[[ Material shown, beginning ]]

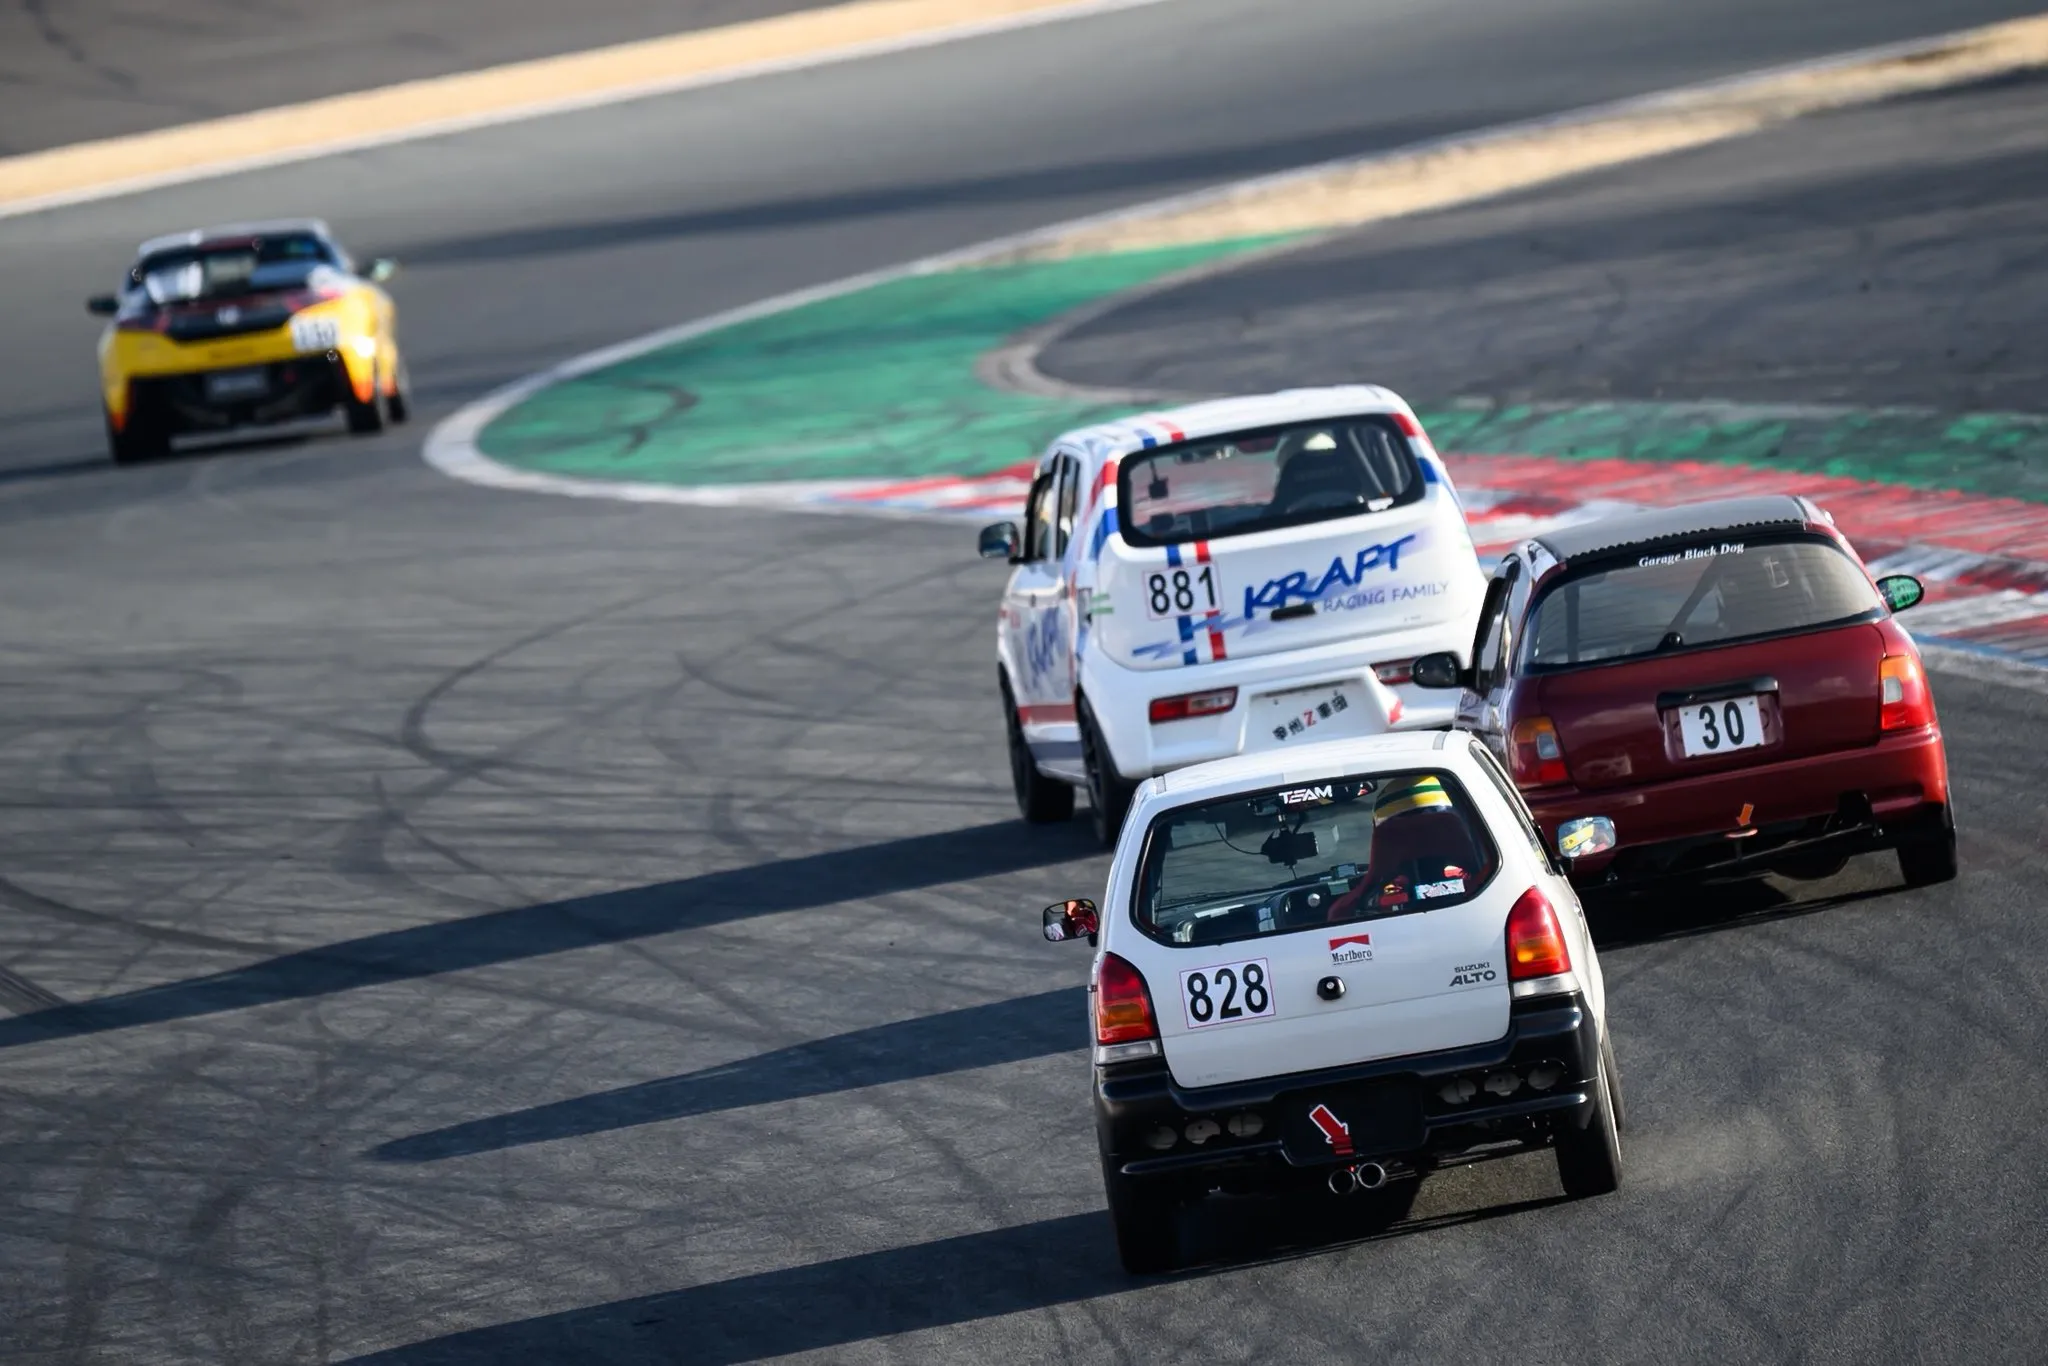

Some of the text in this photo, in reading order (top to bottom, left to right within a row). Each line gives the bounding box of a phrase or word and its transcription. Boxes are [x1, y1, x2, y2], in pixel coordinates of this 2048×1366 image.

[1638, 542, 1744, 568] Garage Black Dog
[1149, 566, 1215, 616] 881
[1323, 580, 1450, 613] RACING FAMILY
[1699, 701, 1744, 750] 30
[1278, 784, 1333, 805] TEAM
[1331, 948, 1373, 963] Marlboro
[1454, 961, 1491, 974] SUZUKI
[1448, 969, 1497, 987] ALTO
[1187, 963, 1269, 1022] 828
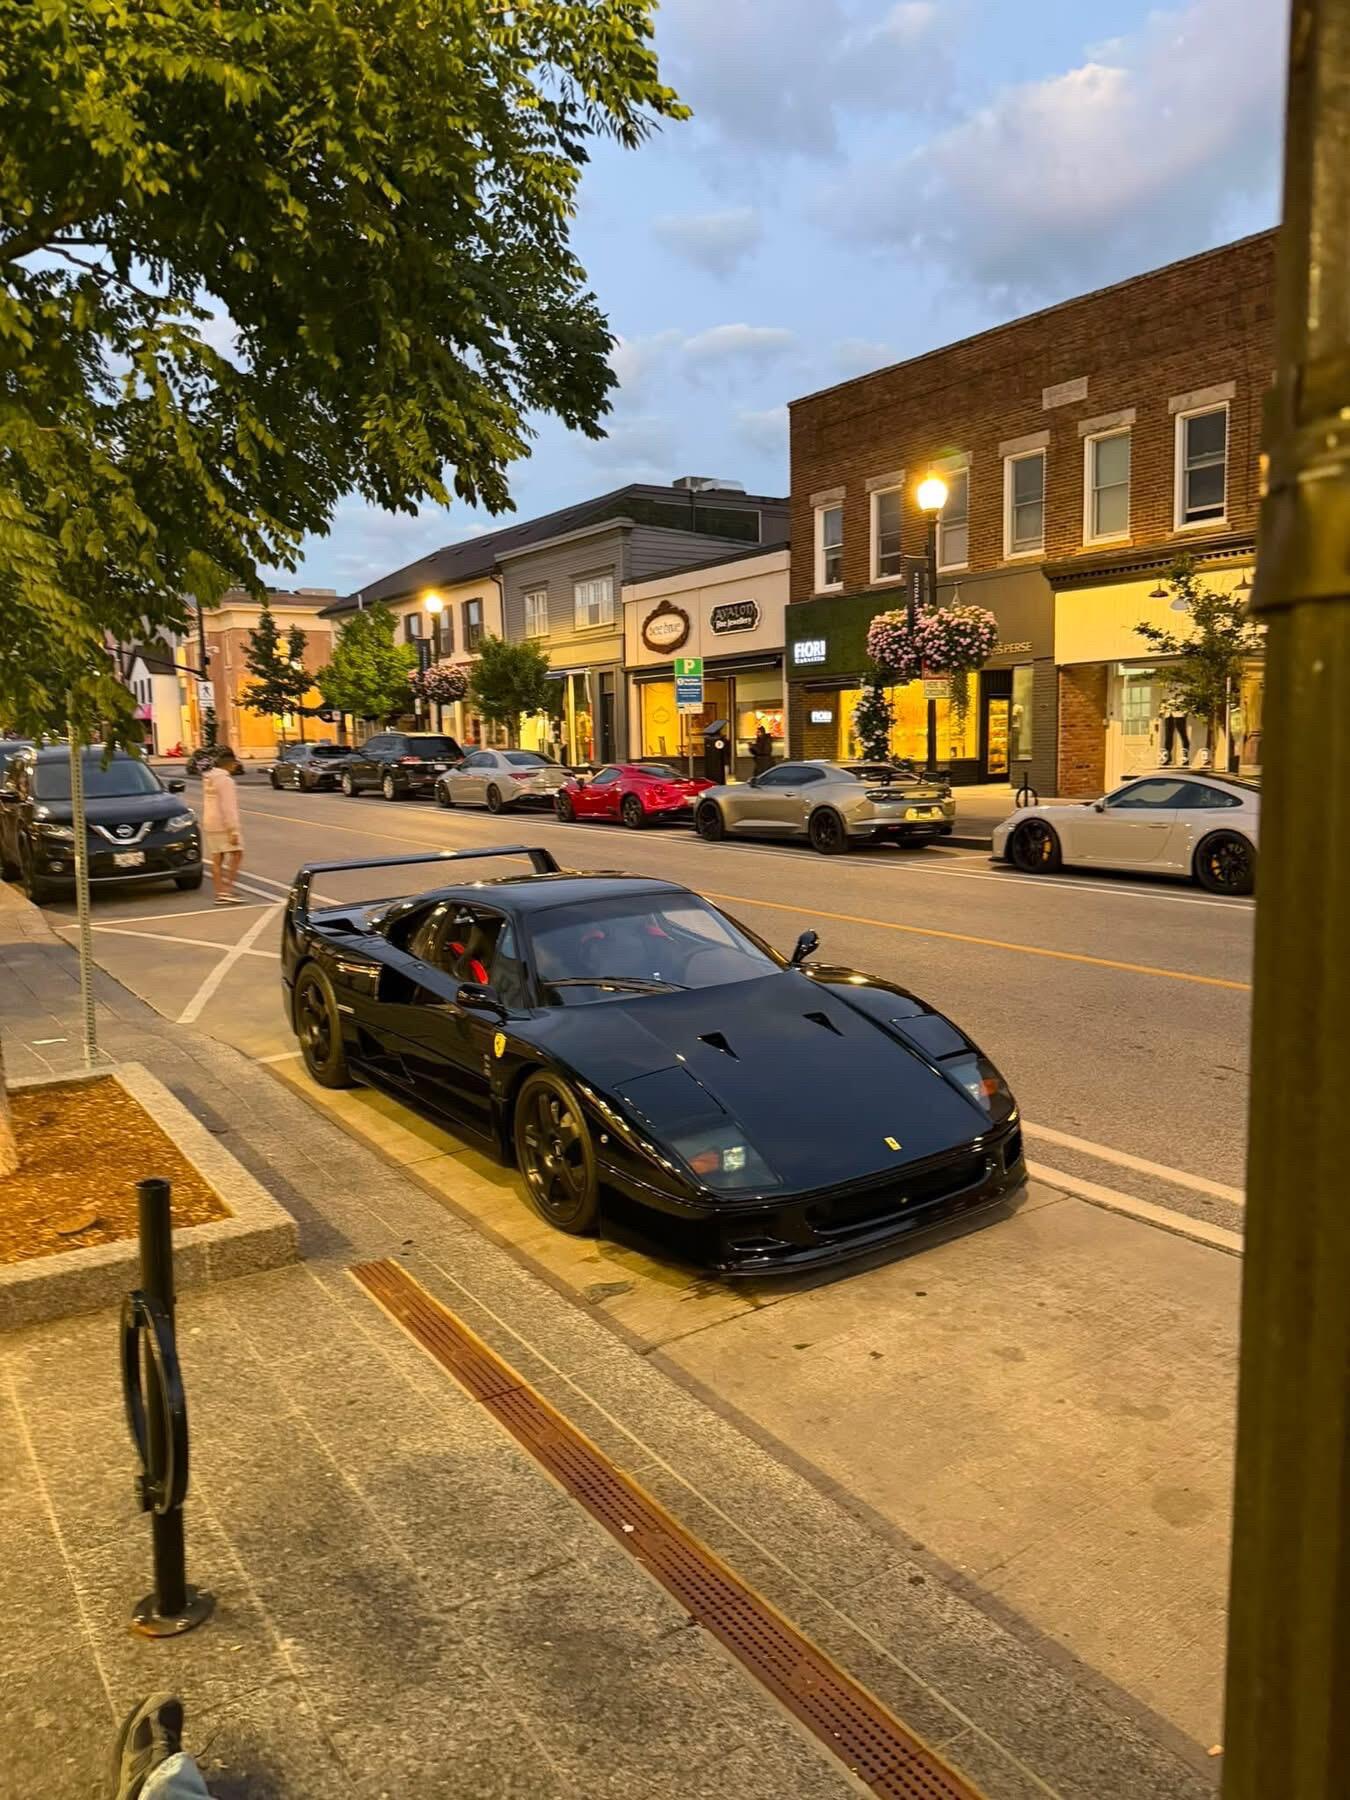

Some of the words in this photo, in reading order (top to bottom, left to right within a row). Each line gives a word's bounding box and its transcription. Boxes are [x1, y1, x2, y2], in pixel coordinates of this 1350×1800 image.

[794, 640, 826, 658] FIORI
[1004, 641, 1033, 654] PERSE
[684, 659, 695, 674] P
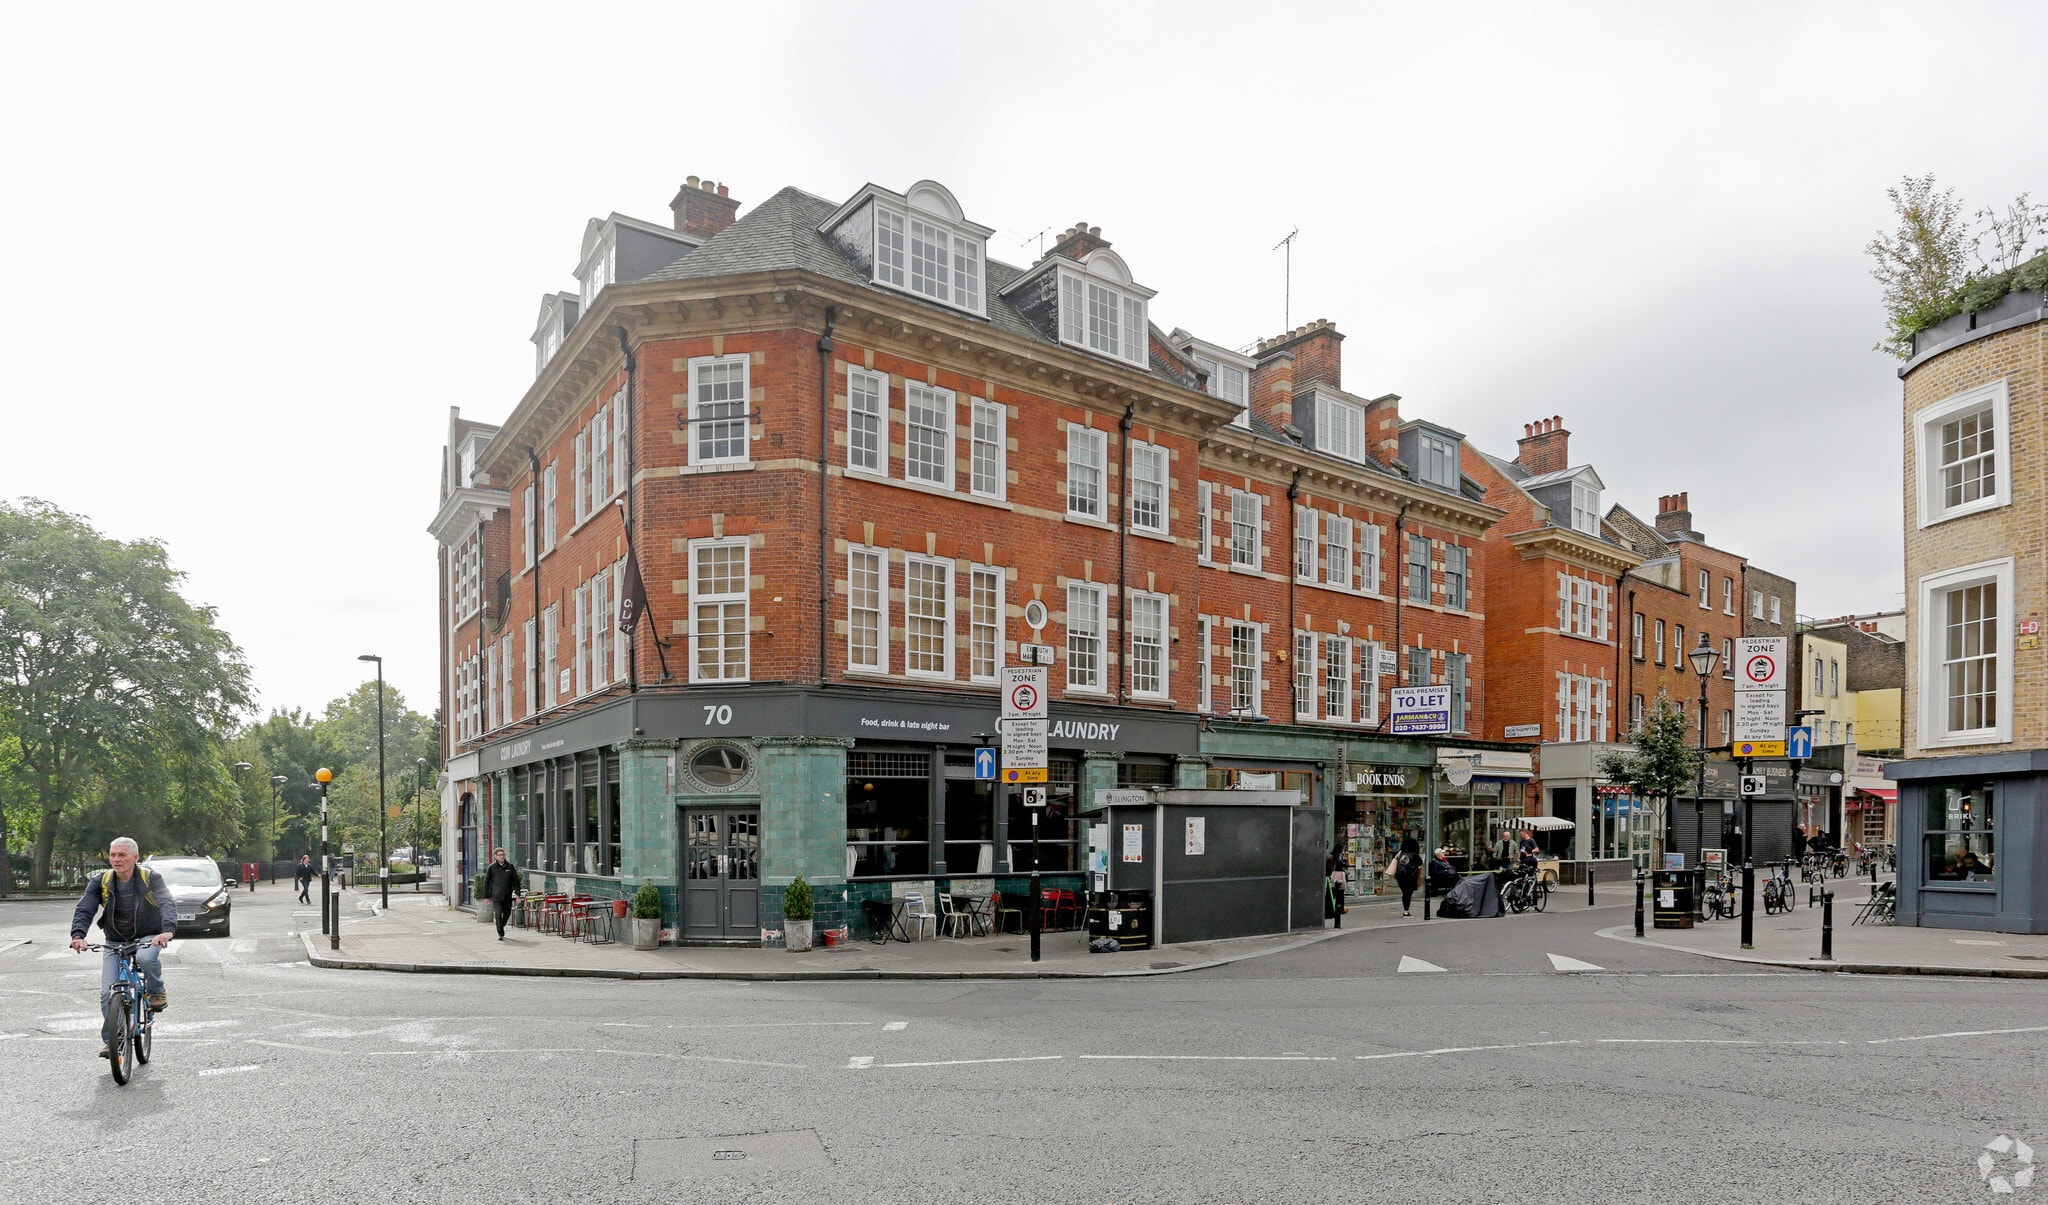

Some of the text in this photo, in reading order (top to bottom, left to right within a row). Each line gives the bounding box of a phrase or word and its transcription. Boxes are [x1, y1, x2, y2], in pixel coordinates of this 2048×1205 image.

[[ Material shown, end ]]

◆ Your goal
Copy out the entries exactly as they stand, omitting the images.

◆ Answer space
Some of the text in this photo, in reading order (top to bottom, left to right within a row). Each line gives the bounding box of a phrase or word and its transcription. Boxes are [x1, y1, x2, y2], in pixel coordinates of this 2048×1366 image.

[1638, 542, 1744, 568] Garage Black Dog
[1149, 566, 1215, 616] 881
[1323, 580, 1450, 613] RACING FAMILY
[1699, 701, 1744, 750] 30
[1278, 784, 1333, 805] TEAM
[1331, 948, 1373, 963] Marlboro
[1454, 961, 1491, 974] SUZUKI
[1448, 969, 1497, 987] ALTO
[1187, 963, 1269, 1022] 828

Some of the words in this photo, in reading order (top to bottom, left to right within a row). Each line gives a word's bounding box and its transcription. Boxes are [x1, y1, x2, y2], in pixel coordinates of this 1350×1800 image.

[794, 640, 826, 658] FIORI
[1004, 641, 1033, 654] PERSE
[684, 659, 695, 674] P

Some of the text in this photo, in reading order (top to bottom, left to right within a row). Each line gives the bounding box of a phrase or word and its transcription. Boxes are [x1, y1, x2, y2], in pixel coordinates of this 2048×1205 image.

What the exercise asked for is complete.